**Data shown:**
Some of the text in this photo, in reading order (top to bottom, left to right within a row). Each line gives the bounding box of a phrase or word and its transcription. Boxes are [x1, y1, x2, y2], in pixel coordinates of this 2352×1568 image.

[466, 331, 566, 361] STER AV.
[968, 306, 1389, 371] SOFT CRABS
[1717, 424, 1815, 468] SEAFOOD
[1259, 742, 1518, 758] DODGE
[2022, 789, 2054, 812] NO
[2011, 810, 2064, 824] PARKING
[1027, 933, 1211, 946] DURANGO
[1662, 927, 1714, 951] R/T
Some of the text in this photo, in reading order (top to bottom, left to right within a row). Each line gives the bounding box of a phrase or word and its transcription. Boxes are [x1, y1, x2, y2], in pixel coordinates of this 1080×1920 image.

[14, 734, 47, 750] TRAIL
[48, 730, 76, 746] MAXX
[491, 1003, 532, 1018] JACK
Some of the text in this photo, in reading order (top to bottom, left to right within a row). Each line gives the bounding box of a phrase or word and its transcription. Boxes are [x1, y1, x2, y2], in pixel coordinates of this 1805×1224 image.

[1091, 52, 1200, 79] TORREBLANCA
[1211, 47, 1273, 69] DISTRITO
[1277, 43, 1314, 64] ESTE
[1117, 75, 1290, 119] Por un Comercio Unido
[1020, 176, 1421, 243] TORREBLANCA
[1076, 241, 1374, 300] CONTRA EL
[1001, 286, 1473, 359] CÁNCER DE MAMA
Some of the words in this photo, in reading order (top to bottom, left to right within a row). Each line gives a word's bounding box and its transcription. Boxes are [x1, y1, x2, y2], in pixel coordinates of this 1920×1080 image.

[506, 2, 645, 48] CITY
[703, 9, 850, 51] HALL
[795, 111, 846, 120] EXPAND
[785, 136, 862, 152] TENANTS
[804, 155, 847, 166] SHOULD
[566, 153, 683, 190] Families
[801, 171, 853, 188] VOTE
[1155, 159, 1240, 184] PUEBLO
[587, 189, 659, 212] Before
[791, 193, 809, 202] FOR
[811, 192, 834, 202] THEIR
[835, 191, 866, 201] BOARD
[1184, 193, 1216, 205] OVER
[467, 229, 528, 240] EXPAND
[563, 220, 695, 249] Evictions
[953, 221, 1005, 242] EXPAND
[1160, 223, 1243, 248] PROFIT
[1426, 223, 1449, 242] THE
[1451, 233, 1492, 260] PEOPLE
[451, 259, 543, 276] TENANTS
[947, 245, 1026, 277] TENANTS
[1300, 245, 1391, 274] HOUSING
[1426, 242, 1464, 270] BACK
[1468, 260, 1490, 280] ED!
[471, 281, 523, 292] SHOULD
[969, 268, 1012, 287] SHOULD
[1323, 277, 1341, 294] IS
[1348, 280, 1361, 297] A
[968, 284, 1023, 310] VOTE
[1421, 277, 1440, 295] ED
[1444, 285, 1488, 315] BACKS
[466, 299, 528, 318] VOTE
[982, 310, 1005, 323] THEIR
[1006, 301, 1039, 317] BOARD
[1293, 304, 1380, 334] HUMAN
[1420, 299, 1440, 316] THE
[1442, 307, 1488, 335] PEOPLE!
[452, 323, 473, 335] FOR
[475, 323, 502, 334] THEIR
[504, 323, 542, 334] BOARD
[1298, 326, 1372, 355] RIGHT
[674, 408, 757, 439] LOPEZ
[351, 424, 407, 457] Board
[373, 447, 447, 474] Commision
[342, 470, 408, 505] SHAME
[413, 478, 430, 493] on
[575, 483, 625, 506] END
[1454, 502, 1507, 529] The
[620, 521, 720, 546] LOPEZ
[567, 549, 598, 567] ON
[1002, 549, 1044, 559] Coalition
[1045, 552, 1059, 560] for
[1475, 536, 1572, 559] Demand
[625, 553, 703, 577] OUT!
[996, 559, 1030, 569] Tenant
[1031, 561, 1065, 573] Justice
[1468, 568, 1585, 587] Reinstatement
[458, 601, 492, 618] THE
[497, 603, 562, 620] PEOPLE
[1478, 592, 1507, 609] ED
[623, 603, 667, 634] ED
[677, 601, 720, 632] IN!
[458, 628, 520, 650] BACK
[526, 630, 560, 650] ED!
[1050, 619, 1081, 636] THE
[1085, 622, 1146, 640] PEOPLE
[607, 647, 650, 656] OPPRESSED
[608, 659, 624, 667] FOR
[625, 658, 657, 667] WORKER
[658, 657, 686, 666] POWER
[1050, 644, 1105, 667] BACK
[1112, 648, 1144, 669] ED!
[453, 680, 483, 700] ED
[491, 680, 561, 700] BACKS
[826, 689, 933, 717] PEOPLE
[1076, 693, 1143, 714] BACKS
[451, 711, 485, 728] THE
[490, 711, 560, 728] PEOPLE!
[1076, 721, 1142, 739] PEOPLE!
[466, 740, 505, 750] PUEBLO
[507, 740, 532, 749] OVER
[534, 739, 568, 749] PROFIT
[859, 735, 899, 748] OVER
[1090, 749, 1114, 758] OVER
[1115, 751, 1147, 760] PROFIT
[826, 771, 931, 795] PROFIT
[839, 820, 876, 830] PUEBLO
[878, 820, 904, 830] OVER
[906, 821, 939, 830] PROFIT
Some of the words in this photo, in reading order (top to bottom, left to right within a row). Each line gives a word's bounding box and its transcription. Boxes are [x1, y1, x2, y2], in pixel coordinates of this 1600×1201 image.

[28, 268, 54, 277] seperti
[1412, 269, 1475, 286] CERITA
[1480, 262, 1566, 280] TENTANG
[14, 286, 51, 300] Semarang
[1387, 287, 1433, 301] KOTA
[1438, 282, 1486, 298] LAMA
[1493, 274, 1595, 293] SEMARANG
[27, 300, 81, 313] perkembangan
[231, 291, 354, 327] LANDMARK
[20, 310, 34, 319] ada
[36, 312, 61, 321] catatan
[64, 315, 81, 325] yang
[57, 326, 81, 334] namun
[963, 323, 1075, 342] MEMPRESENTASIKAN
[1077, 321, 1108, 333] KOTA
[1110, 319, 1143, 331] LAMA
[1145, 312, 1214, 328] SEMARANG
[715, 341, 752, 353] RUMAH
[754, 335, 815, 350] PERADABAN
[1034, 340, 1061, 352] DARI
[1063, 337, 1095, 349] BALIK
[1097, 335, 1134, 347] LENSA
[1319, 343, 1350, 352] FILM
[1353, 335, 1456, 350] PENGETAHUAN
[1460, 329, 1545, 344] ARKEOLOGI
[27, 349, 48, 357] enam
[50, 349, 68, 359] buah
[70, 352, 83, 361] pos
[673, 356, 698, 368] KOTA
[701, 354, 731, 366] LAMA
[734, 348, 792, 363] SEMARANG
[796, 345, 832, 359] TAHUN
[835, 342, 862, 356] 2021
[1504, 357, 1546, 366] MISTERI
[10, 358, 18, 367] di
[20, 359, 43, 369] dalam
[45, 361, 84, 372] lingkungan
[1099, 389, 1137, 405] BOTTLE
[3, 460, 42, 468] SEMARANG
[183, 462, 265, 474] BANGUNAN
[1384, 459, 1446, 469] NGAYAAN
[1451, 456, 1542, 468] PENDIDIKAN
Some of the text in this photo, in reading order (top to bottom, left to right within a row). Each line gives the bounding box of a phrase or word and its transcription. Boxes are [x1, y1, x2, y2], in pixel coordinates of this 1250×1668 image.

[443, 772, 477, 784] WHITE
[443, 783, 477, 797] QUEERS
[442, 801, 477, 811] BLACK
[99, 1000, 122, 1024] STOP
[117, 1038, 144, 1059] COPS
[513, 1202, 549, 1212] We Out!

**Assignment:**
Set down the entries again exactly as they are.

**Result for this exercise:**
Some of the text in this photo, in reading order (top to bottom, left to right within a row). Each line gives the bounding box of a phrase or word and its transcription. Boxes are [x1, y1, x2, y2], in pixel coordinates of this 2352×1568 image.

[466, 331, 566, 361] STER AV.
[968, 306, 1389, 371] SOFT CRABS
[1717, 424, 1815, 468] SEAFOOD
[1259, 742, 1518, 758] DODGE
[2022, 789, 2054, 812] NO
[2011, 810, 2064, 824] PARKING
[1027, 933, 1211, 946] DURANGO
[1662, 927, 1714, 951] R/T
Some of the text in this photo, in reading order (top to bottom, left to right within a row). Each line gives the bounding box of a phrase or word and its transcription. Boxes are [x1, y1, x2, y2], in pixel coordinates of this 1080×1920 image.

[14, 734, 47, 750] TRAIL
[48, 730, 76, 746] MAXX
[491, 1003, 532, 1018] JACK
Some of the text in this photo, in reading order (top to bottom, left to right within a row). Each line gives the bounding box of a phrase or word and its transcription. Boxes are [x1, y1, x2, y2], in pixel coordinates of this 1805×1224 image.

[1091, 52, 1200, 79] TORREBLANCA
[1211, 47, 1273, 69] DISTRITO
[1277, 43, 1314, 64] ESTE
[1117, 75, 1290, 119] Por un Comercio Unido
[1020, 176, 1421, 243] TORREBLANCA
[1076, 241, 1374, 300] CONTRA EL
[1001, 286, 1473, 359] CÁNCER DE MAMA
Some of the words in this photo, in reading order (top to bottom, left to right within a row). Each line gives a word's bounding box and its transcription. Boxes are [x1, y1, x2, y2], in pixel coordinates of this 1920×1080 image.

[506, 2, 645, 48] CITY
[703, 9, 850, 51] HALL
[795, 111, 846, 120] EXPAND
[785, 136, 862, 152] TENANTS
[804, 155, 847, 166] SHOULD
[566, 153, 683, 190] Families
[801, 171, 853, 188] VOTE
[1155, 159, 1240, 184] PUEBLO
[587, 189, 659, 212] Before
[791, 193, 809, 202] FOR
[811, 192, 834, 202] THEIR
[835, 191, 866, 201] BOARD
[1184, 193, 1216, 205] OVER
[467, 229, 528, 240] EXPAND
[563, 220, 695, 249] Evictions
[953, 221, 1005, 242] EXPAND
[1160, 223, 1243, 248] PROFIT
[1426, 223, 1449, 242] THE
[1451, 233, 1492, 260] PEOPLE
[451, 259, 543, 276] TENANTS
[947, 245, 1026, 277] TENANTS
[1300, 245, 1391, 274] HOUSING
[1426, 242, 1464, 270] BACK
[1468, 260, 1490, 280] ED!
[471, 281, 523, 292] SHOULD
[969, 268, 1012, 287] SHOULD
[1323, 277, 1341, 294] IS
[1348, 280, 1361, 297] A
[968, 284, 1023, 310] VOTE
[1421, 277, 1440, 295] ED
[1444, 285, 1488, 315] BACKS
[466, 299, 528, 318] VOTE
[982, 310, 1005, 323] THEIR
[1006, 301, 1039, 317] BOARD
[1293, 304, 1380, 334] HUMAN
[1420, 299, 1440, 316] THE
[1442, 307, 1488, 335] PEOPLE!
[452, 323, 473, 335] FOR
[475, 323, 502, 334] THEIR
[504, 323, 542, 334] BOARD
[1298, 326, 1372, 355] RIGHT
[674, 408, 757, 439] LOPEZ
[351, 424, 407, 457] Board
[373, 447, 447, 474] Commision
[342, 470, 408, 505] SHAME
[413, 478, 430, 493] on
[575, 483, 625, 506] END
[1454, 502, 1507, 529] The
[620, 521, 720, 546] LOPEZ
[567, 549, 598, 567] ON
[1002, 549, 1044, 559] Coalition
[1045, 552, 1059, 560] for
[1475, 536, 1572, 559] Demand
[625, 553, 703, 577] OUT!
[996, 559, 1030, 569] Tenant
[1031, 561, 1065, 573] Justice
[1468, 568, 1585, 587] Reinstatement
[458, 601, 492, 618] THE
[497, 603, 562, 620] PEOPLE
[1478, 592, 1507, 609] ED
[623, 603, 667, 634] ED
[677, 601, 720, 632] IN!
[458, 628, 520, 650] BACK
[526, 630, 560, 650] ED!
[1050, 619, 1081, 636] THE
[1085, 622, 1146, 640] PEOPLE
[607, 647, 650, 656] OPPRESSED
[608, 659, 624, 667] FOR
[625, 658, 657, 667] WORKER
[658, 657, 686, 666] POWER
[1050, 644, 1105, 667] BACK
[1112, 648, 1144, 669] ED!
[453, 680, 483, 700] ED
[491, 680, 561, 700] BACKS
[826, 689, 933, 717] PEOPLE
[1076, 693, 1143, 714] BACKS
[451, 711, 485, 728] THE
[490, 711, 560, 728] PEOPLE!
[1076, 721, 1142, 739] PEOPLE!
[466, 740, 505, 750] PUEBLO
[507, 740, 532, 749] OVER
[534, 739, 568, 749] PROFIT
[859, 735, 899, 748] OVER
[1090, 749, 1114, 758] OVER
[1115, 751, 1147, 760] PROFIT
[826, 771, 931, 795] PROFIT
[839, 820, 876, 830] PUEBLO
[878, 820, 904, 830] OVER
[906, 821, 939, 830] PROFIT
Some of the words in this photo, in reading order (top to bottom, left to right within a row). Each line gives a word's bounding box and its transcription. Boxes are [x1, y1, x2, y2], in pixel coordinates of this 1600×1201 image.

[28, 268, 54, 277] seperti
[1412, 269, 1475, 286] CERITA
[1480, 262, 1566, 280] TENTANG
[14, 286, 51, 300] Semarang
[1387, 287, 1433, 301] KOTA
[1438, 282, 1486, 298] LAMA
[1493, 274, 1595, 293] SEMARANG
[27, 300, 81, 313] perkembangan
[231, 291, 354, 327] LANDMARK
[20, 310, 34, 319] ada
[36, 312, 61, 321] catatan
[64, 315, 81, 325] yang
[57, 326, 81, 334] namun
[963, 323, 1075, 342] MEMPRESENTASIKAN
[1077, 321, 1108, 333] KOTA
[1110, 319, 1143, 331] LAMA
[1145, 312, 1214, 328] SEMARANG
[715, 341, 752, 353] RUMAH
[754, 335, 815, 350] PERADABAN
[1034, 340, 1061, 352] DARI
[1063, 337, 1095, 349] BALIK
[1097, 335, 1134, 347] LENSA
[1319, 343, 1350, 352] FILM
[1353, 335, 1456, 350] PENGETAHUAN
[1460, 329, 1545, 344] ARKEOLOGI
[27, 349, 48, 357] enam
[50, 349, 68, 359] buah
[70, 352, 83, 361] pos
[673, 356, 698, 368] KOTA
[701, 354, 731, 366] LAMA
[734, 348, 792, 363] SEMARANG
[796, 345, 832, 359] TAHUN
[835, 342, 862, 356] 2021
[1504, 357, 1546, 366] MISTERI
[10, 358, 18, 367] di
[20, 359, 43, 369] dalam
[45, 361, 84, 372] lingkungan
[1099, 389, 1137, 405] BOTTLE
[3, 460, 42, 468] SEMARANG
[183, 462, 265, 474] BANGUNAN
[1384, 459, 1446, 469] NGAYAAN
[1451, 456, 1542, 468] PENDIDIKAN
Some of the text in this photo, in reading order (top to bottom, left to right within a row). Each line gives the bounding box of a phrase or word and its transcription. Boxes are [x1, y1, x2, y2], in pixel coordinates of this 1250×1668 image.

[443, 772, 477, 784] WHITE
[443, 783, 477, 797] QUEERS
[442, 801, 477, 811] BLACK
[99, 1000, 122, 1024] STOP
[117, 1038, 144, 1059] COPS
[513, 1202, 549, 1212] We Out!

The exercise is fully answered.